Il confronto, che non vuol essere una comparazione sistematica a carattere socio-religioso – impresa di ben altre dimensioni e portata – ma semplicemente l’individuazione delle imitazioni più grossolane e arbitrarie in ambito religioso, si sviluppa in particolare a partire dalla matrice cristiana e cattolica in particolare. Ciò in forza anche del fatto che significativamente la fede cattolica, pur se socialmente marginalizzata e culturalmente spesso criticata in una società sempre più secolarizzata, viene poi regolarmente imitata e “valorizzata” quando si tratta di far breccia sulla sensibilità popolare a scopo proselitistico e, non di rado, meramente commerciale.
Oltre all’uso improprio della croce ad opera di Scientology, ricordiamo l’uso frequente dei simboli più diversi delle varie fedi e religioni in tutti i movimenti sincretisti per eccellenza: dai Baha’i a Sai Baba, da Moon ai vari gruppi new-age. Vi si trovano raggruppati in stemmi circolari (cfr. Sai Baba) indifferentemente la croce cristiana, la mezzaluna musulmana, la stella ebraica fino al simbolo fallico (lingam) induista, alla fiamma zoorastriana e alla ruota buddista.
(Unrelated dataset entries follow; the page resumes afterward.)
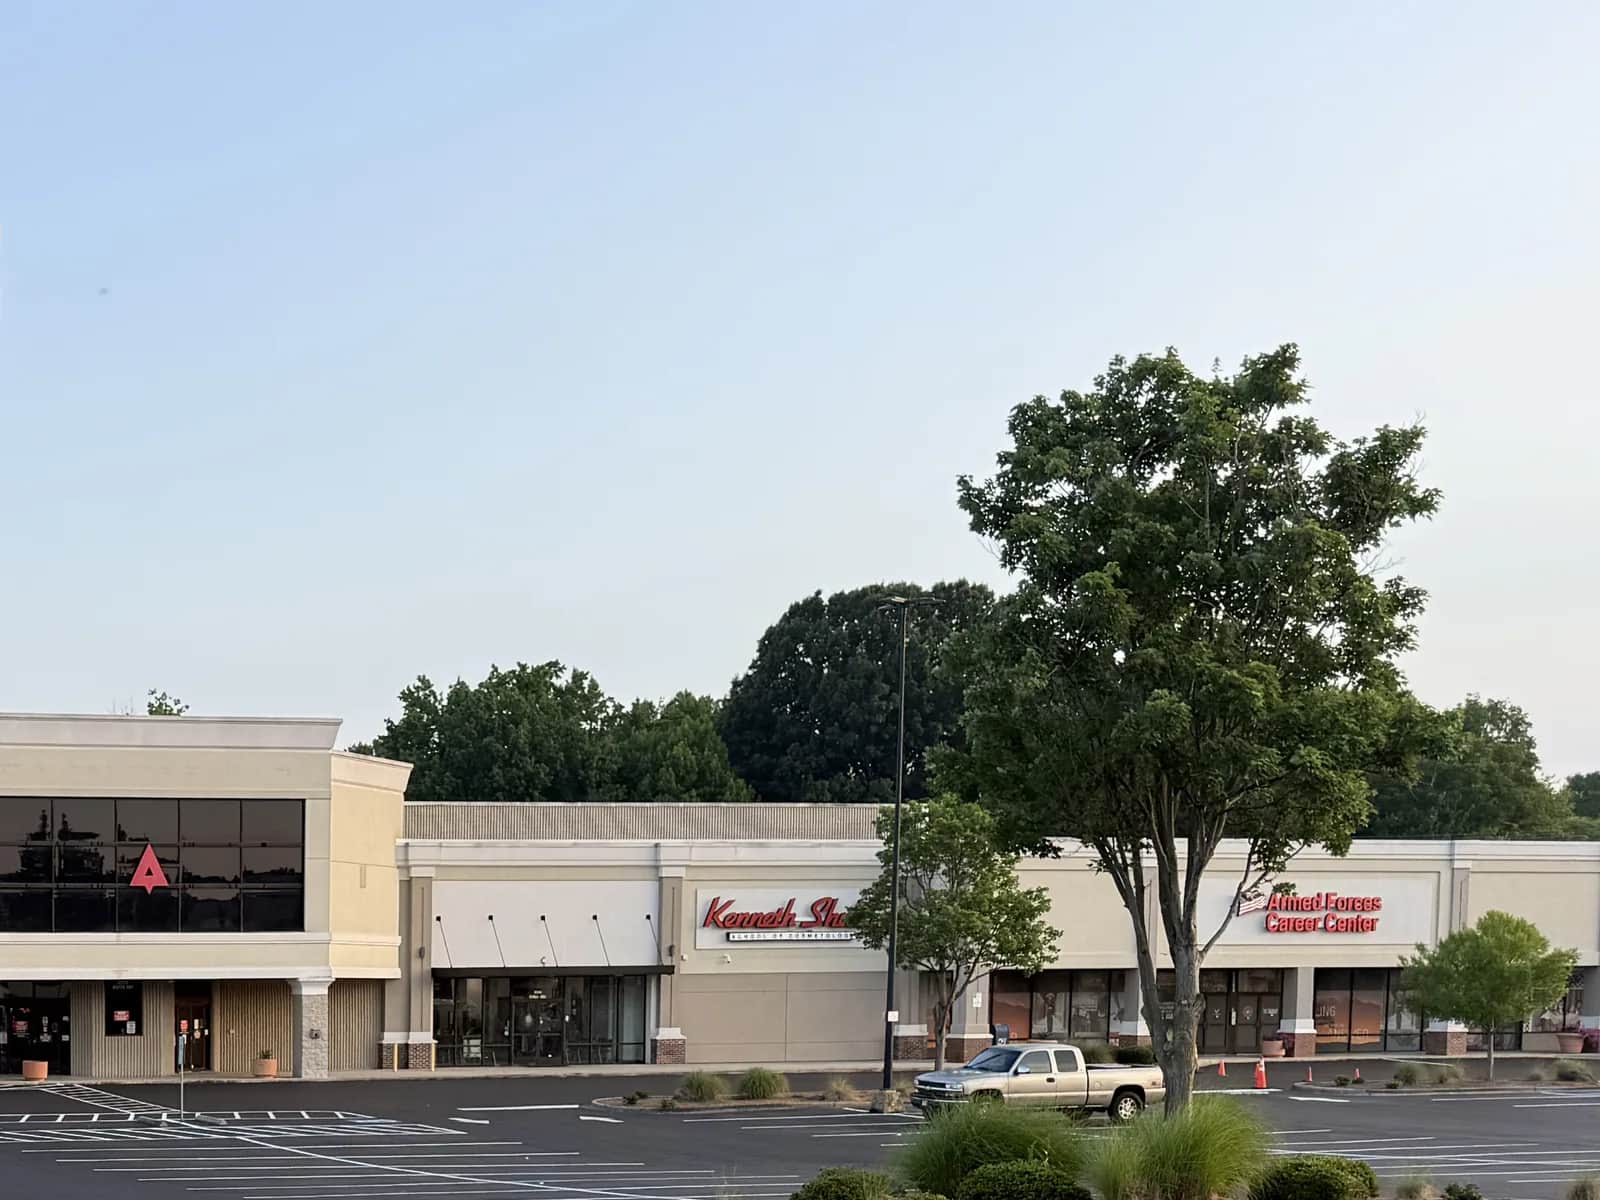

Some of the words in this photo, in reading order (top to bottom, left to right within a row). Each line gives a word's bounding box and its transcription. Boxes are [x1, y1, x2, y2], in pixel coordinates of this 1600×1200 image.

[1267, 892, 1323, 911] Armed
[1326, 892, 1382, 911] Forces
[703, 897, 796, 928] Kenneth
[1266, 913, 1321, 932] Career
[1324, 913, 1379, 932] Center
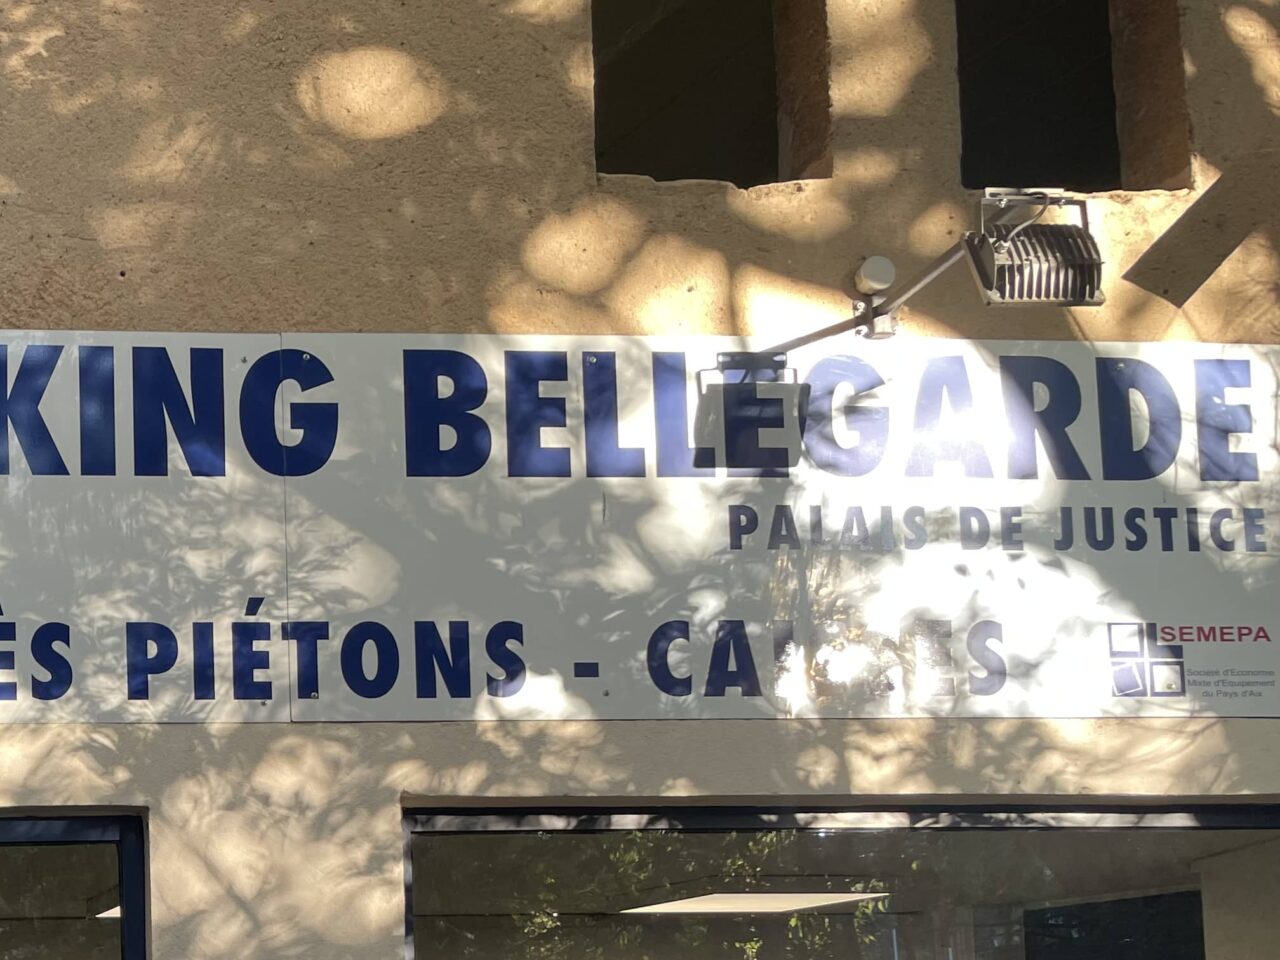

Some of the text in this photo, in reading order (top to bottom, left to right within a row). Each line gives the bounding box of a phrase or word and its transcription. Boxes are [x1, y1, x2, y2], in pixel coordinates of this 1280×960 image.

[403, 349, 1260, 483] BELLEGARDE
[728, 504, 1267, 553] PALAIS DE JUSTICE
[126, 597, 527, 700] PIÉTONS
[646, 619, 1008, 698] CAES
[1160, 626, 1272, 643] SEMEPA
[1187, 679, 1212, 688] Mixte
[1202, 690, 1263, 699] du Pays d'Aix
Si noti, poi, il caso particolare dei Testimoni di Geova dove il non uso del simbolo della croce (peraltro in uso nei primi anni della loro storia, fino al 1931) è solo il frutto di un’errata traduzione dall’originale greco “Xilon”, reso impropriamente con “palo”.
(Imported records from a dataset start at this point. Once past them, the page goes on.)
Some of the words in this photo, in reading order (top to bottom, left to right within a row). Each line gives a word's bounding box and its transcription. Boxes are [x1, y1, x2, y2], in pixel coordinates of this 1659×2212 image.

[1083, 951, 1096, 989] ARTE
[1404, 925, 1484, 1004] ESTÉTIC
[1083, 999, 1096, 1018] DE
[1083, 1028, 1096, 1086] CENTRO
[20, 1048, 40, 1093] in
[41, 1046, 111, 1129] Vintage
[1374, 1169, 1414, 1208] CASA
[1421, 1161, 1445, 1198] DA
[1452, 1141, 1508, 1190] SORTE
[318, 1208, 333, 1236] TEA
Ma una delle imitazioni più tipicamente folcloristiche e interessanti, quanto difficili da individuare, riguarda forse i cori itineranti (segnalati alcuni anni fa in alcune città italiane), composti in prevalenza da bambini e che raccolgono offerte volontarie “per le Missioni” organizzate dal movimento “The Family” (ex Bambini di Dio) ma che traggono spesso in inganno l’ignaro “donatore” convinto magari di aiutare le Missioni cattoliche in Africa.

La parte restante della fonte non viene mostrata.